In recent years, large-scale commercial fishing involving trawlers and indiscriminate fishing practices has led to an increase in netting juvenile fishes as well as other marine species that are unintentional or that yield low revenue for the fishermen. Since the fishes aren’t given a chance to renew their numbers, there have been cases of severe decline in the fish population. This collapse would not only mean a drop in the economy for the fishing sector, but it also threatens to strike at the tightly knit ecosystem in the affected region. To remedy this problem, India has been implementing the Seasonal Fishing Ban since the late 1980s. The fishing ban spans for about 45-60 days, i.e. between June 15th till July31 in the West Coast of India and from April 15th until about May 31st in the Eastern Coast of the country. The annual ban is not applicable to traditional fishermen who go on voyage in the territorial waters in their catamarans and non-motorised vessels causing minimal damage. Instead, the ban is intended to curb large-scale fishing that hampers the replenishing of the fish population around their breeding season. In 2014, Researchers studied the impact of such bans in five coastal states, and their findings, are truly astounding. The bans have resulted in a growth of the fish mass where the estimated economic value (based on landing price) of the incremental growth of fish attained due to a fishing ban of 45-60 days was over a billion rupees in the five states. Although one can argue that there are certain costs attached to implementing and enforcing this ban that is to be considered in order to evaluate the true reflected profits; in this case, it is easy to review the economic and environment benefits to realise how the ban definitely emerges a winner in this bargain.

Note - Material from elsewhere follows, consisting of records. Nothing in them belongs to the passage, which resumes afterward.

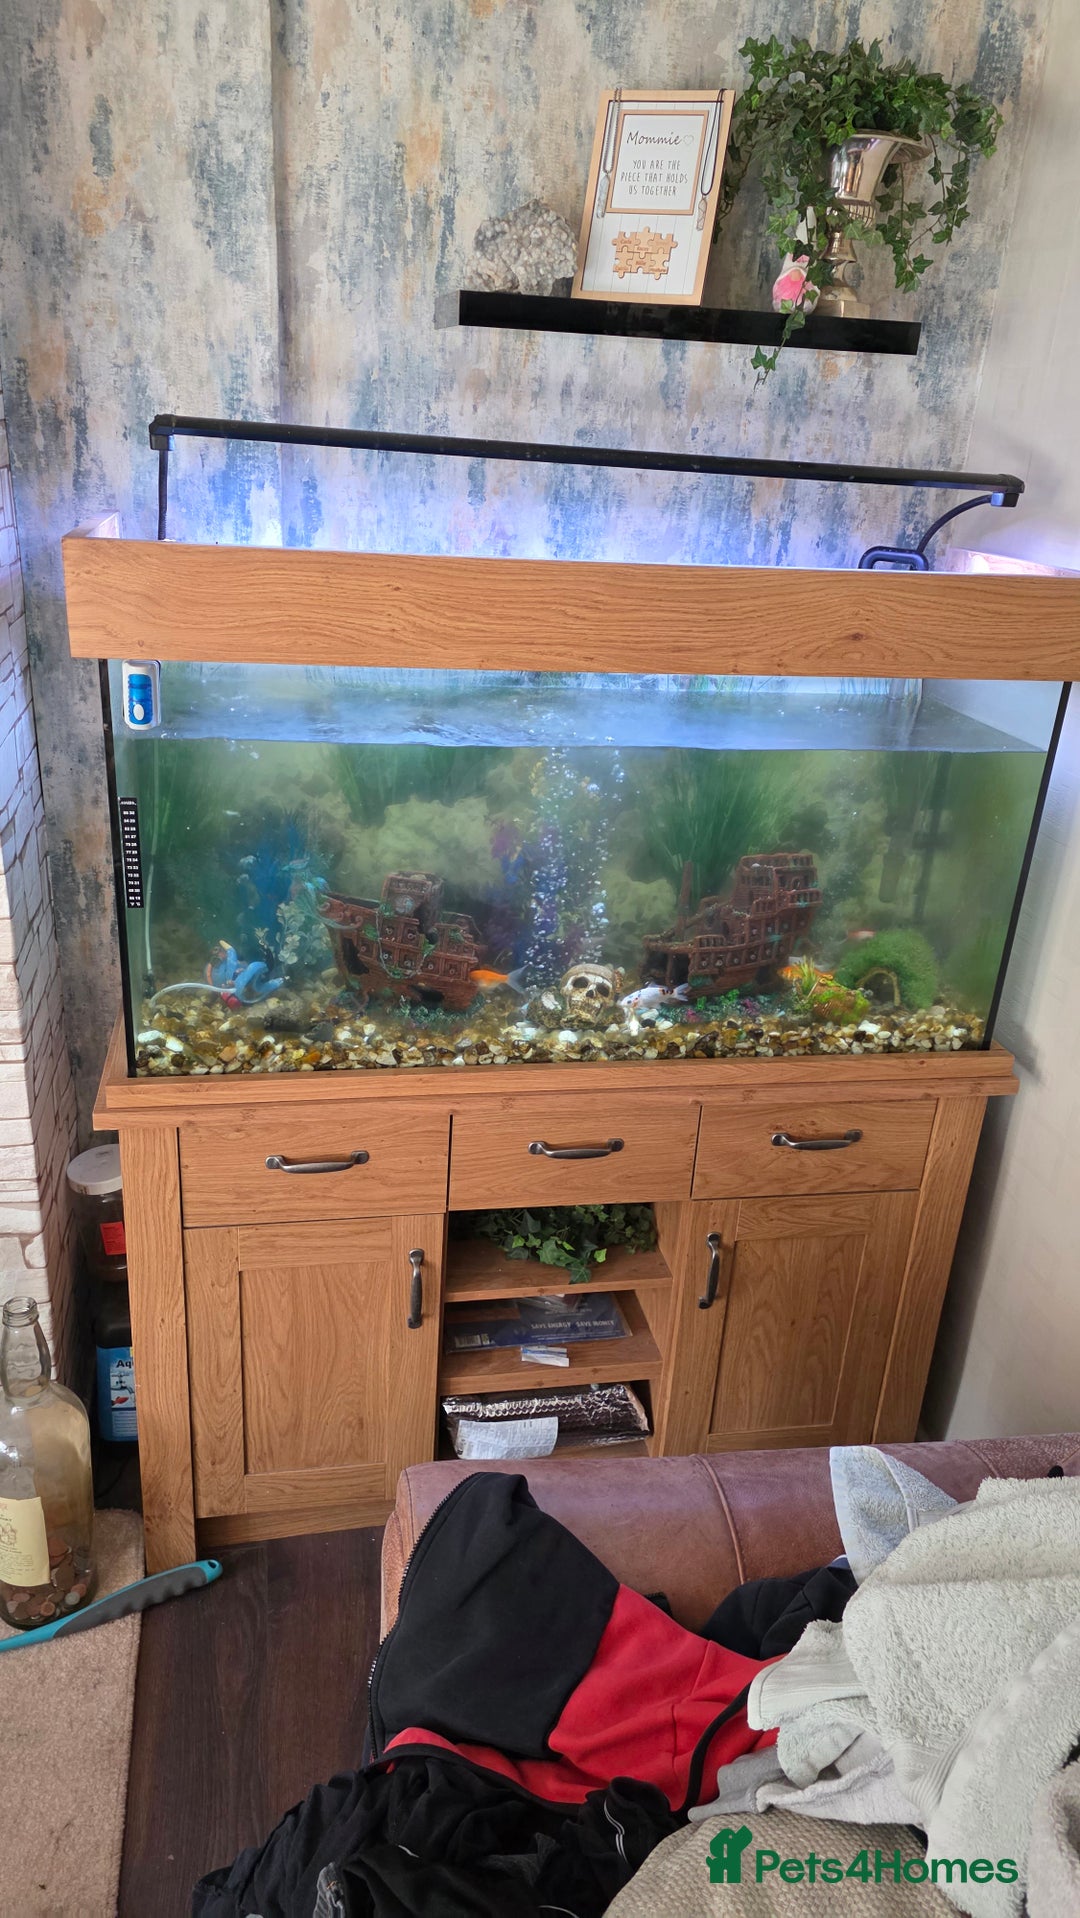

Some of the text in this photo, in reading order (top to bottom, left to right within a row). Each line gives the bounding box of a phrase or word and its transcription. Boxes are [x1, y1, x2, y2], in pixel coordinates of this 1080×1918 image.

[626, 130, 682, 146] Mommie
[633, 159, 681, 170] YOU ARE THE
[620, 171, 688, 184] PIECE THAT HOLDS
[628, 185, 678, 196] US TOGETHER
[115, 1359, 134, 1369] Aq
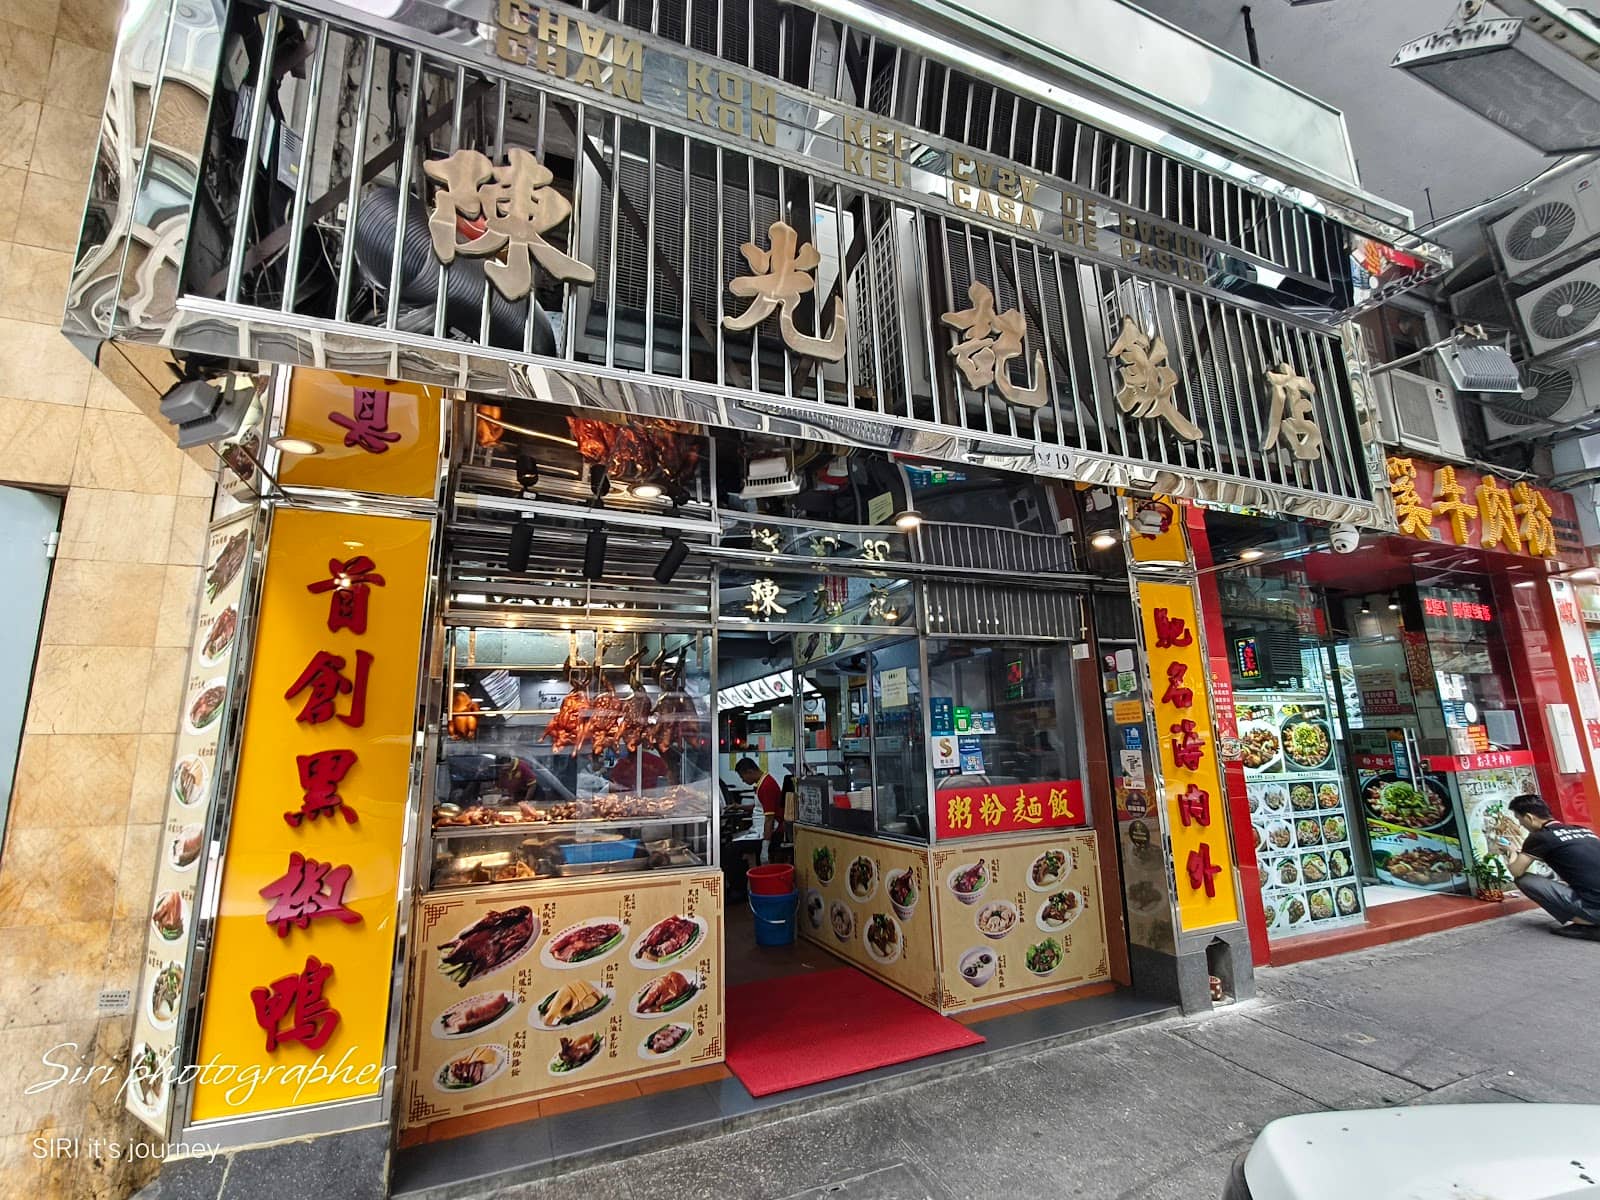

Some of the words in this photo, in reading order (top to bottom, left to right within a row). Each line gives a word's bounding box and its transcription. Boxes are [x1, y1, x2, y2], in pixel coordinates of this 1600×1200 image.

[496, 30, 643, 103] CHAN
[687, 91, 776, 146] KON
[844, 149, 901, 188] KEI
[952, 182, 1038, 232] CASA
[1062, 219, 1099, 251] DE
[1120, 238, 1208, 284] PASTO
[1055, 452, 1070, 470] 19
[946, 788, 1075, 830] 粥粉麵飯
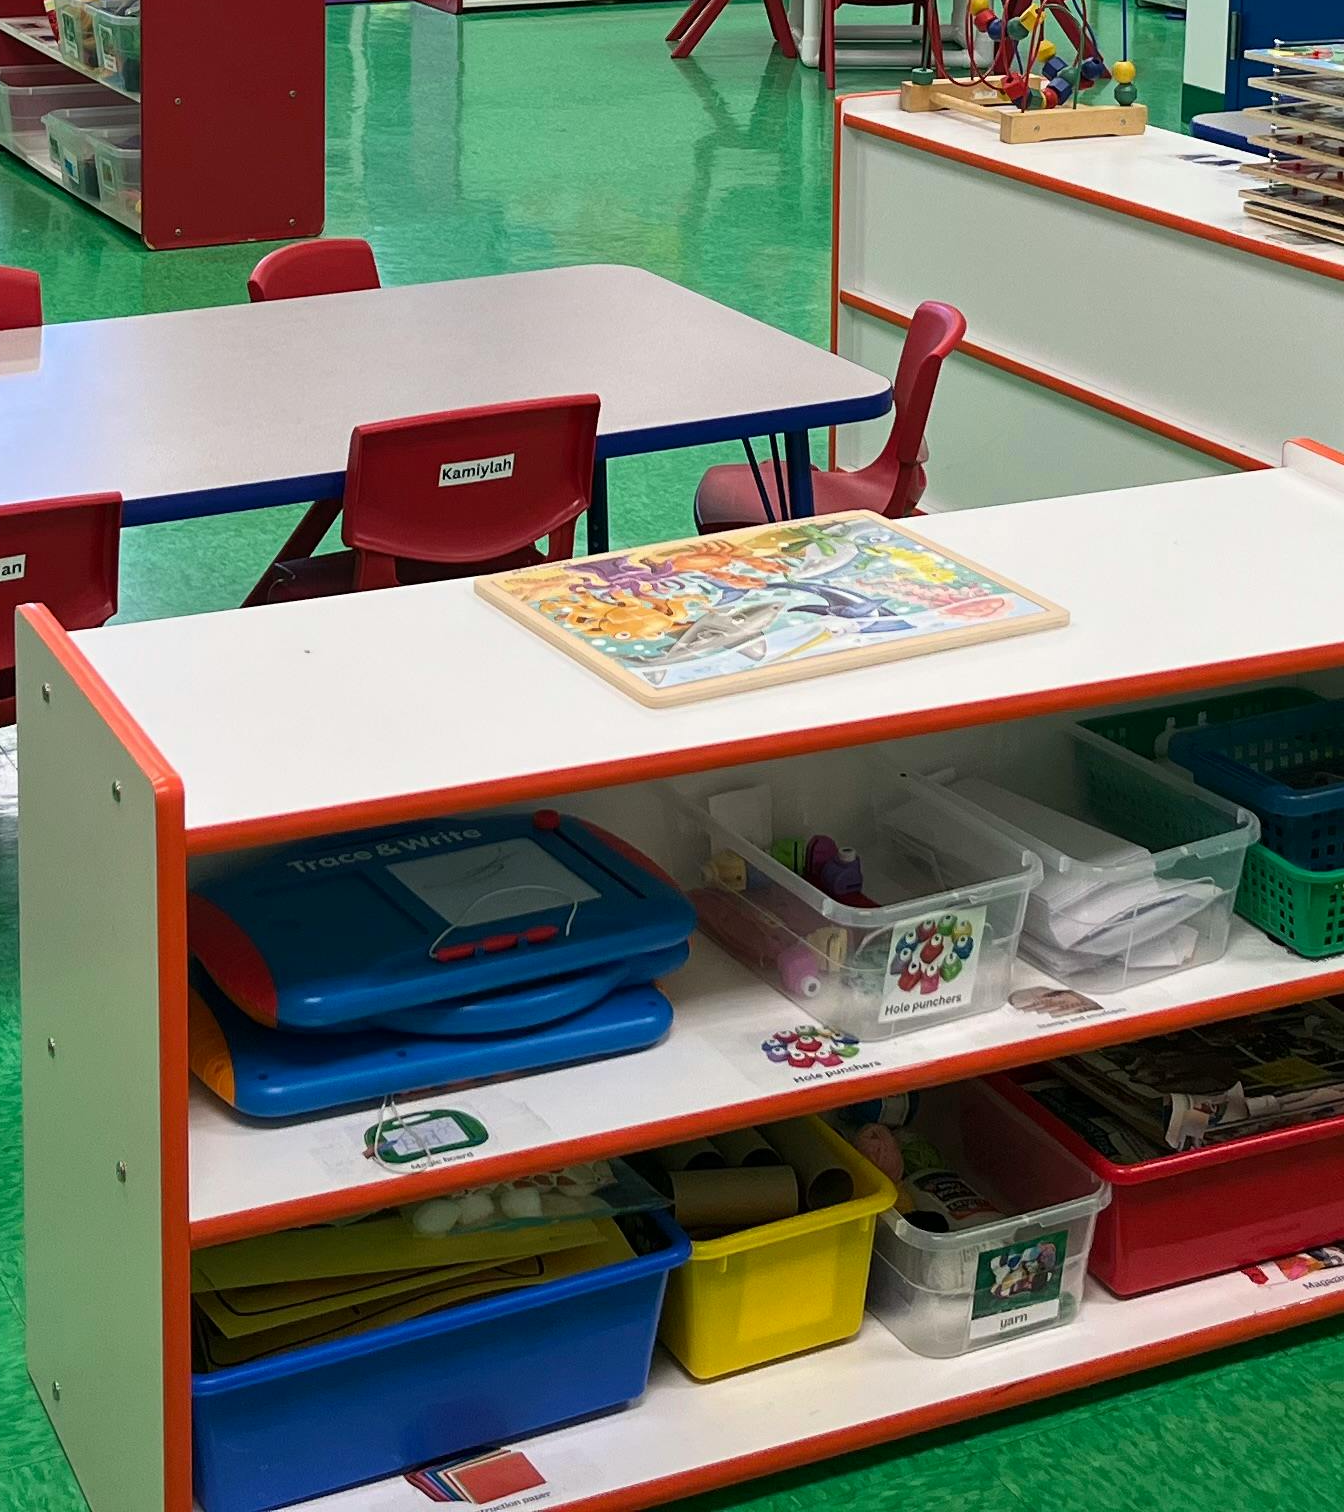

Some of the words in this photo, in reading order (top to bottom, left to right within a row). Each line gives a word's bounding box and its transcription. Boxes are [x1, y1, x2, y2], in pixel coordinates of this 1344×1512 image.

[442, 458, 512, 480] Kamiylah
[287, 850, 373, 873] Trace
[375, 841, 402, 857] &
[399, 828, 482, 850] Write
[884, 1002, 910, 1016] Hole
[911, 992, 962, 1013] punchers
[793, 1070, 824, 1084] Hole
[826, 1059, 882, 1080] punchers
[443, 1151, 474, 1162] board
[1000, 1312, 1028, 1331] yarn
[522, 1490, 552, 1505] paper

Millions of fishers along India’s vast coastline eke out a living, contribute to national development and are learning to cope with conservation of marine resources. Along with the experts, the fishermen themselves have come to see the importance of sustainable fishing and, hence, work towards implementing the seasonal ban in order to reap better (and longer) occupational profits gained from this enforced holiday. The fishing ban not only helps revive the fisheries, it also looks out for the fishermen’s lives by restricting them from travelling too deep during monsoons when the sea is rough. This ban combined with other management measures, such as— an ecosystem-based approach, marine protected areas, no-take zones, certification, mesh size regulation and minimum legal size at capture— can help revive the decline this, otherwise, renewable resource has been facing.


The seasonal fishing holiday provides the fish stock a much needed time to revive itself and effectively bounce back. And with the benefits known to outweigh the costs of this ban, the seasonal fishing holiday might be an answer to long term ways to support this flourishing sector of ours. So, to make the fishing sector more sustainable, it is, certainly, worth strengthening the Seasonal Fishing Ban.